Eppure quel giorno erano tutti lì: la Falcone che lusingava, il prefetto che gongolava e c’erano pure il generale dei carabinieri Ferace (chissà perché), messo a capo dell’Antifalsificazione monetaria – che con i temi della violenza non c’entra una mazza -, il prefetto Reppucci… tutti al seguito del prefetto Cannizzaro, deus ex machina della Prefettura ai tempi delle interdittive antimafia alle cooperative concorrenti del clan Occhiuto. Oggi Cannizzaro è Commissario per il coordinamento delle iniziative di solidarietà per le vittime dei reati di tipo mafioso e dunque, dopo aver ricevuto addirittura la cittadinanza onoraria per i suoi servizi, ogni scusa è buona per tornare dai vecchi amici.  Il tutto solo lo sguardo beato di colui che – nella migliore delle ipotesi è il garante del “trappolone” ma che potrebbe anche esserne il “regista”, il Gattopardo Spagnuolo, che sostituiva solo fisicamente il suo predecessore Granieri, compagno di merende di Ferace e Cannizzaro, del quale è la naturale estensione di una infinita tradizione di malaffare e corruzione.

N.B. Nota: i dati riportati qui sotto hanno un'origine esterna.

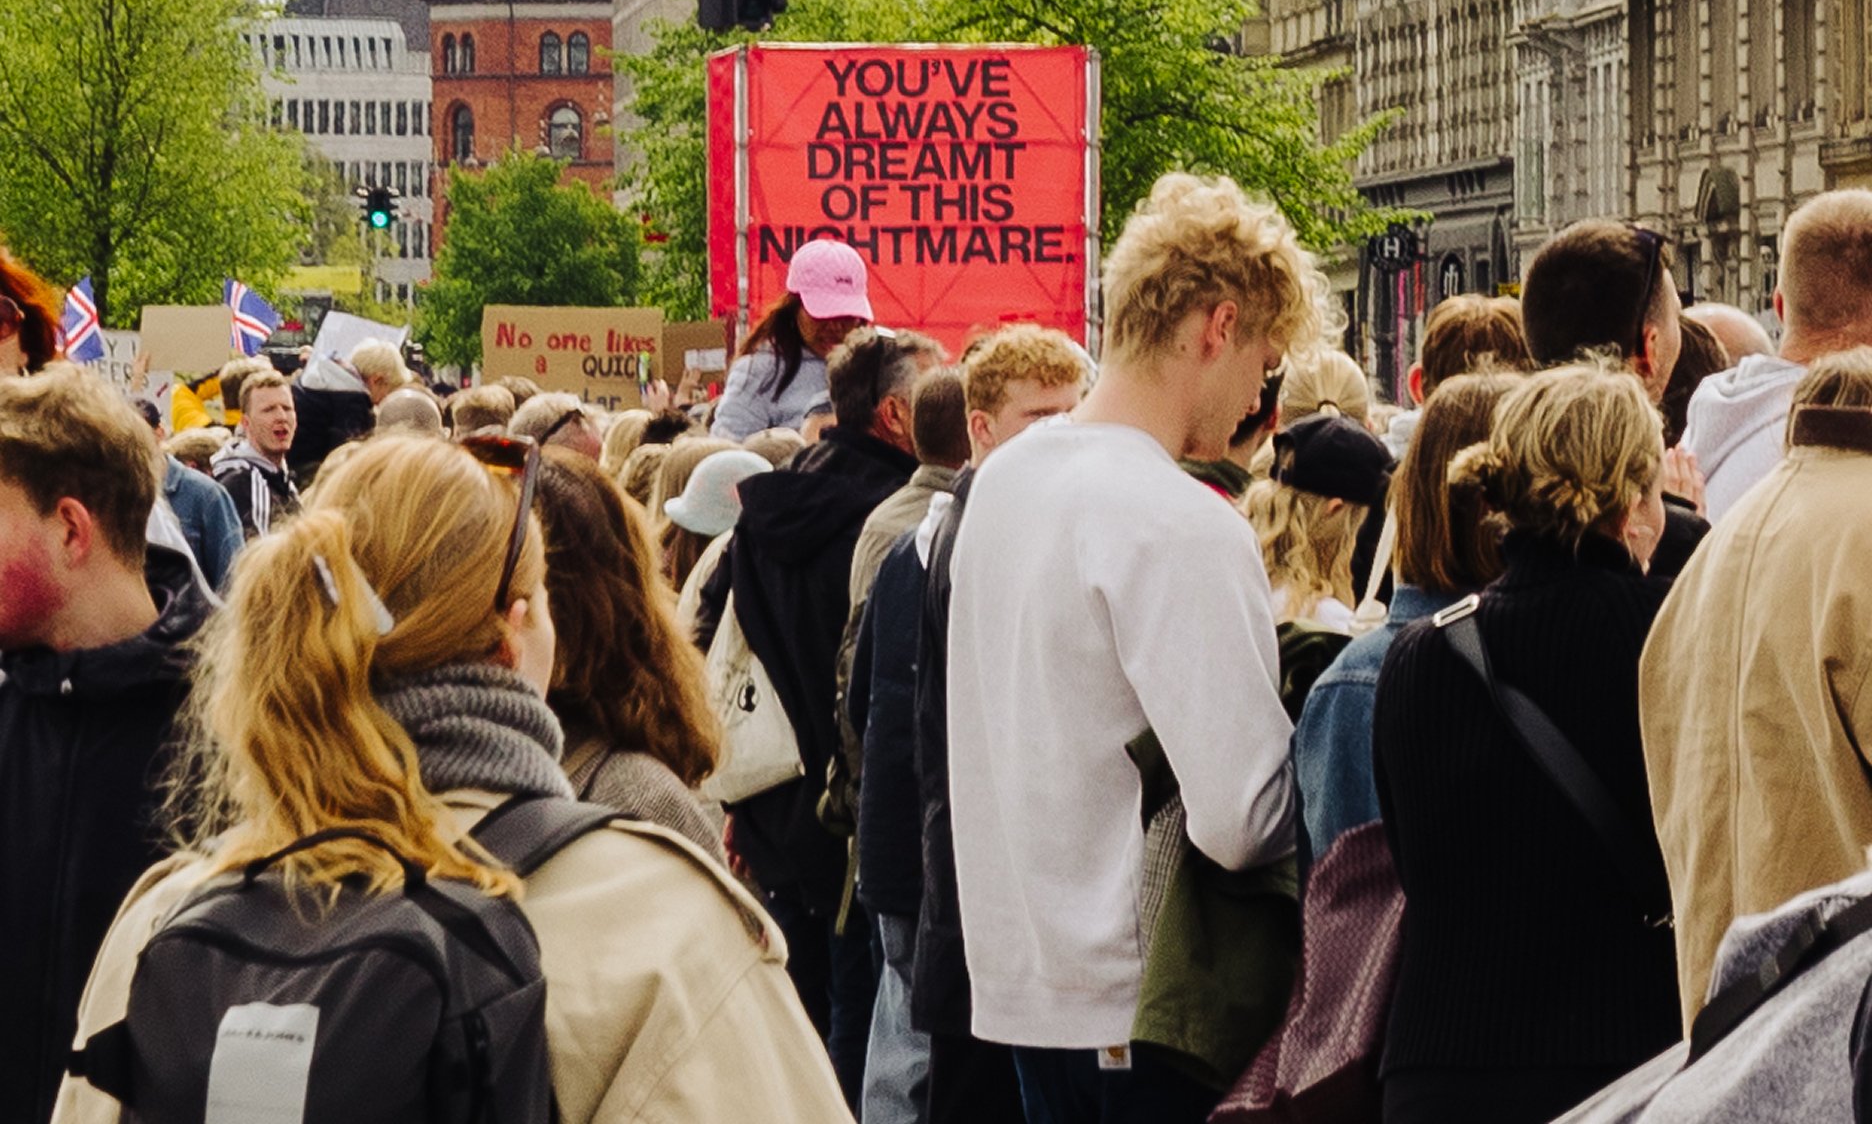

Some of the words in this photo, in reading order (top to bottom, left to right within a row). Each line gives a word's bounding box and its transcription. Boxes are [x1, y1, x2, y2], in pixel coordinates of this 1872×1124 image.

In questo “ambientino” che è tutto un programma, si consuma lo psicodramma della storia della “mazzetta”. Come si fa a dire che il prefetto e la Falcone “non si conoscevano”? Come si fa a chiedere o ad offrire se non c’è “confidenza”? No, lo scandalo del prefetto non è proprio per niente un caso isolato ma sembra quasi una “polpetta avvelenata” messa lì apposta non tanto per incastrarla ma per metterla fuori gioco. Tanto qui le carte le danno sempre loro e la legge sono sempre… loro.

Se il signor Gattopardo fosse stato il padre o il nonno di quella bambina alla quale hanno detto che un prefetto è superiore a tutti i sindaci, cosa le avrebbe spiegato? La verità è che il sistema Cosenza è marcio. Totalmente marcio. Puzza di fetore e la gente ormai l’ha capito. Anche se il Tg1 intervista Cinzia Falcone e cerca di farci bere una storia che non si regge in piedi. Cosenza non ha abboccato e più si andrà avanti più usciranno fuori le prove di chi ha organizzato il “trappolone”.